We read of an awful example of this in the life of the Venerable Sister Mary Crucified of Sicily. Whilst this servant of God was praying, she heard a devil making a boast that he had succeeded in withdrawing a religious from the community-prayer; and she saw in spirit, that after this omission the devil tempted her to consent to a grievous sin, and that she was on the point of yielding. She forthwith accosted her, and by a timely admonition prevented her from falling. Abbé Dioclès said, that whoever leaves off prayer "very shortly becomes either a beast or a devil."[1]

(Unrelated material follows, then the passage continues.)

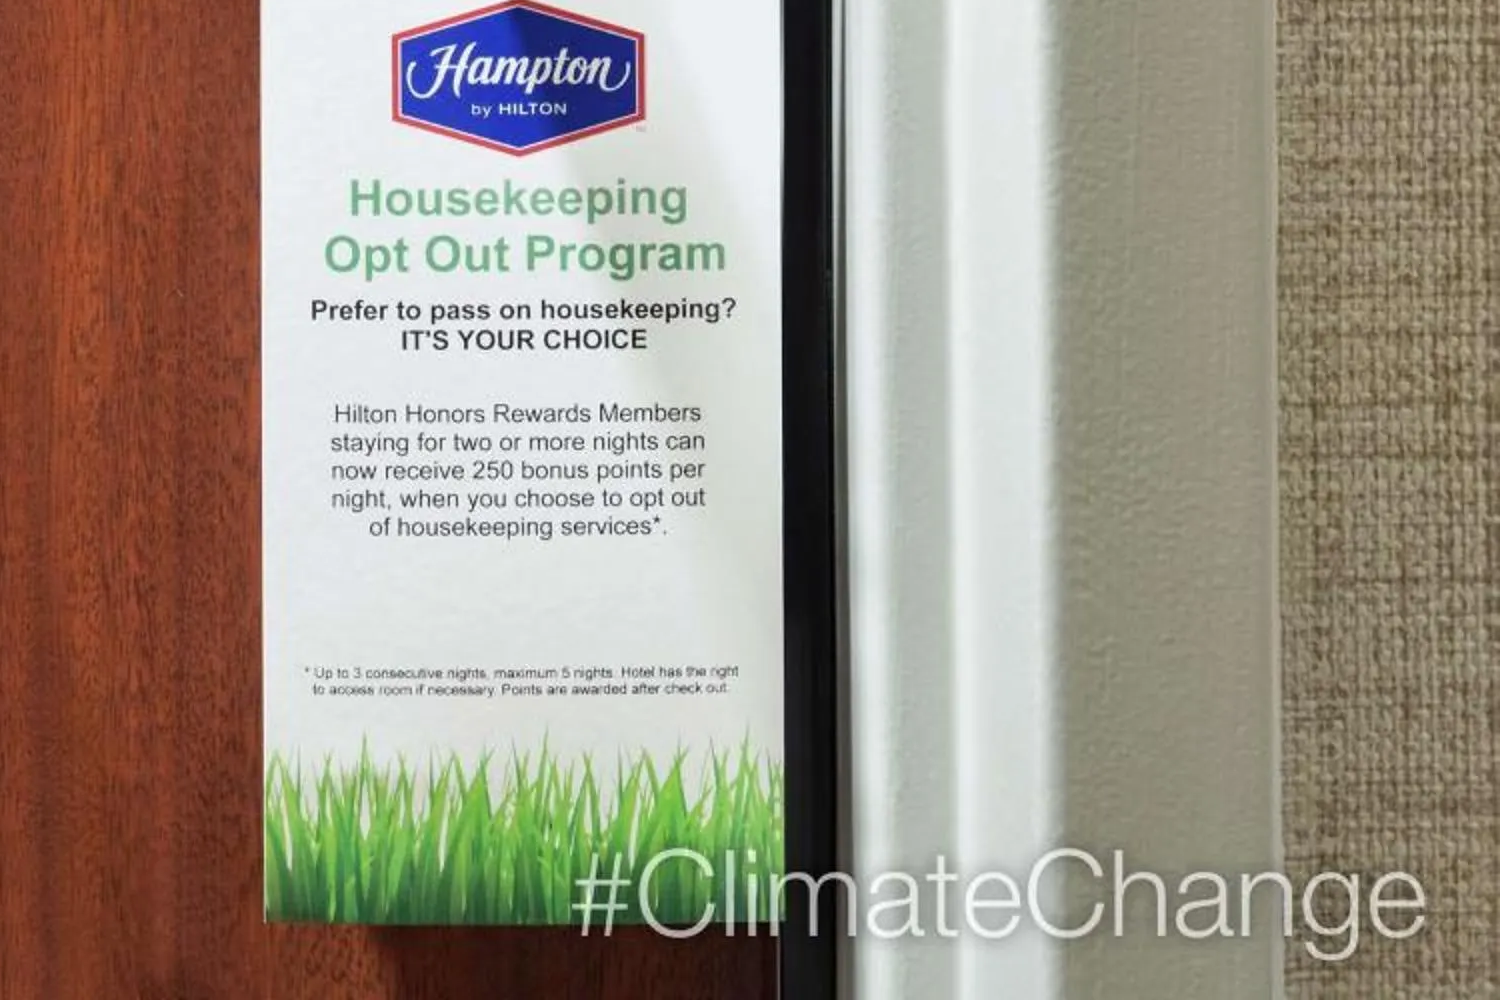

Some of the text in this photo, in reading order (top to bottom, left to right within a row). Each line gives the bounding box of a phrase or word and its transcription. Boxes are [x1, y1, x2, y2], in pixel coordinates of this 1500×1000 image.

He therefore that leaves off prayer will leave off loving Jesus Christ. Prayer is the blessed furnace in which the fire of holy love is enkindled and kept alive: And in my meditation a fire shall flame out.[2] It was said by St. Catharine of Bologna: "The person that foregoes the practice of prayer cuts that string which binds the soul to God." It follows that the devil, finding the soul cold in divine love, will have little difficulty in inducing her to partake of some poisonous fruit or other. St. Teresa said, on the contrary, "Whosoever perseveres in prayer, let him hold for a certainty, that with however many sins the devil may surround him, the Lord will eventually bring him into the haven of salvation."[3] In another place she says, "Whoever halts not in the way of prayer arrives sooner or later."[4] And elsewhere she writes, "that it is on this account that the devil labors so hard to withdraw souls from prayer, because he well knows that he has missed gaining those who faithfully perse-

  1. Pall. Hist. laus. c. 98.
  2. "In meditatione mea exardescet ignis."Ps. xxxviii. 4.
  3. Life, ch. 8.
  4. Ibid. ch. 19.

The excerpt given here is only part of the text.